**WHAT TO WORK ON**. Look below for the line with "this 1800×1200 image.", then give it again exactly, along with every line that comes after it, the final line included.

**MATERIAL FOR THIS EXERCISE**.
------------------------------

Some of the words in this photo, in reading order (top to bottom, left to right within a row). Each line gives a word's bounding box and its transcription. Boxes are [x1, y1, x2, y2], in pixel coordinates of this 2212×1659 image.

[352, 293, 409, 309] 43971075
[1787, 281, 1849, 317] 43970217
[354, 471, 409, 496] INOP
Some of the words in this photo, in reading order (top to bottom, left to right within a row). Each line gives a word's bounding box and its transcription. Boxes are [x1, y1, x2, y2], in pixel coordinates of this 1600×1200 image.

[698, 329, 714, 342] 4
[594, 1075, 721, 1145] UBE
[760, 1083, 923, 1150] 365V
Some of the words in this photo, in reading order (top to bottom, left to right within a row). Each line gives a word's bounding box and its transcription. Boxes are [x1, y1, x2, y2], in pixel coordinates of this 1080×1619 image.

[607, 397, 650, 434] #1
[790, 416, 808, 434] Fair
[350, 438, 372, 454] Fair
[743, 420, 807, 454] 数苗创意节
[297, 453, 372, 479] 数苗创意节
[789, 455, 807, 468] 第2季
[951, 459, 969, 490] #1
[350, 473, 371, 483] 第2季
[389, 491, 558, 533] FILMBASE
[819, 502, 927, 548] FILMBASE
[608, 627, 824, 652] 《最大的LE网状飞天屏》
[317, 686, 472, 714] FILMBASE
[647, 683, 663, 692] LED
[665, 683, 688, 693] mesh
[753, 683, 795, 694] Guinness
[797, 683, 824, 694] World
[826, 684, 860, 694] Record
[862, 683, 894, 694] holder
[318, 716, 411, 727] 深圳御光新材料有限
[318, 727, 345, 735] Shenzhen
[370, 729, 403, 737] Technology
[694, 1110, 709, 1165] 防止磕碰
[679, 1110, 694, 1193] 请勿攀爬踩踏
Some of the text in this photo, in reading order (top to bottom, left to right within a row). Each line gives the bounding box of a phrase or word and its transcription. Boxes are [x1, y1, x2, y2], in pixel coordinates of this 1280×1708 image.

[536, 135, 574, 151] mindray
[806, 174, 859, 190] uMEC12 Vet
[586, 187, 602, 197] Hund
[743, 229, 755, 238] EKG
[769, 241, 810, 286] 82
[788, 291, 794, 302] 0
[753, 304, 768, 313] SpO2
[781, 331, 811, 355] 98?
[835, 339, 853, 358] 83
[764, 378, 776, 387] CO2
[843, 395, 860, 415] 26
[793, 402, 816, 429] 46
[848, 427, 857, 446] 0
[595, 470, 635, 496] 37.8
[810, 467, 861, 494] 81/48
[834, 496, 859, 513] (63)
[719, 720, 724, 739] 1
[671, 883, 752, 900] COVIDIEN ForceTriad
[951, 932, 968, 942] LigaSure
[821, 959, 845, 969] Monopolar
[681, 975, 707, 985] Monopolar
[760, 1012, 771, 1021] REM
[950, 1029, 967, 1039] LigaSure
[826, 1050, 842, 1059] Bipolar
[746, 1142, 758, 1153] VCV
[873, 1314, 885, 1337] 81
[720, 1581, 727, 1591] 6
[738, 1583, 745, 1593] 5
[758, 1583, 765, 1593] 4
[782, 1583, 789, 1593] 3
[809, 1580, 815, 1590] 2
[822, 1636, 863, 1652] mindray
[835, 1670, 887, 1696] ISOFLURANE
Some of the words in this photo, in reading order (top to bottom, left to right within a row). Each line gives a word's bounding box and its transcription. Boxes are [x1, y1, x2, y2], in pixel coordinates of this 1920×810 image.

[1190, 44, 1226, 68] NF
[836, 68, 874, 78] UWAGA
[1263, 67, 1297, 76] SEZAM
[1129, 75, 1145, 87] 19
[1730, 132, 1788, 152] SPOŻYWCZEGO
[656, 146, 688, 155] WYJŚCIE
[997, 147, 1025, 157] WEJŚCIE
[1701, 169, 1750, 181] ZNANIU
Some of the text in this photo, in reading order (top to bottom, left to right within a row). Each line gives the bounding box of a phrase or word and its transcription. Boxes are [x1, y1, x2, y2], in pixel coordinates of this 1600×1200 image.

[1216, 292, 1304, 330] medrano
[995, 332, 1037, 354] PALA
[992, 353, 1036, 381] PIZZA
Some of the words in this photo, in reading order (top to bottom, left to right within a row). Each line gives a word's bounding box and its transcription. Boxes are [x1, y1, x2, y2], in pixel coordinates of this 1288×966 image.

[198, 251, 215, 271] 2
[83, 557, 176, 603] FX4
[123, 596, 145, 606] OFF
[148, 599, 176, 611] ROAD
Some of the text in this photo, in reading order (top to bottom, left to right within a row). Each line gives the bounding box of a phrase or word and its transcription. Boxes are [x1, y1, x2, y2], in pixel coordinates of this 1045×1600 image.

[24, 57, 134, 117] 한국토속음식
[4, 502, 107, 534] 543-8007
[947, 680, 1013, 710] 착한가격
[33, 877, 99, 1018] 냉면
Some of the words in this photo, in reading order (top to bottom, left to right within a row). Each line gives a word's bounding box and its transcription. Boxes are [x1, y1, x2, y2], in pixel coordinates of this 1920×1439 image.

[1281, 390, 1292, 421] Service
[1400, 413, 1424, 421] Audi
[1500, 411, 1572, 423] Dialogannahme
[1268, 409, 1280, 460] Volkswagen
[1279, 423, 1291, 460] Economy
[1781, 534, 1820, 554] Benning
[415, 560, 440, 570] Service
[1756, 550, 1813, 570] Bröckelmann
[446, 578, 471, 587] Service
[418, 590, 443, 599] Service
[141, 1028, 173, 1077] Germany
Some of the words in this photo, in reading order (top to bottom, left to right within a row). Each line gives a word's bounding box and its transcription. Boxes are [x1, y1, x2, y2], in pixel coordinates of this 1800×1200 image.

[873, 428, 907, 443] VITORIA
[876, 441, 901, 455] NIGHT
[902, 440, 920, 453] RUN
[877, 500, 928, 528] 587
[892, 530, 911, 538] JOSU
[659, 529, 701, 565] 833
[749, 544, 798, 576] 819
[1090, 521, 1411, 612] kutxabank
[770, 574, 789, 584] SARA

------------------------------

**FINISHED EXERCISE**.
Some of the words in this photo, in reading order (top to bottom, left to right within a row). Each line gives a word's bounding box and its transcription. Boxes are [x1, y1, x2, y2], in pixel coordinates of this 1800×1200 image.

[873, 428, 907, 443] VITORIA
[876, 441, 901, 455] NIGHT
[902, 440, 920, 453] RUN
[877, 500, 928, 528] 587
[892, 530, 911, 538] JOSU
[659, 529, 701, 565] 833
[749, 544, 798, 576] 819
[1090, 521, 1411, 612] kutxabank
[770, 574, 789, 584] SARA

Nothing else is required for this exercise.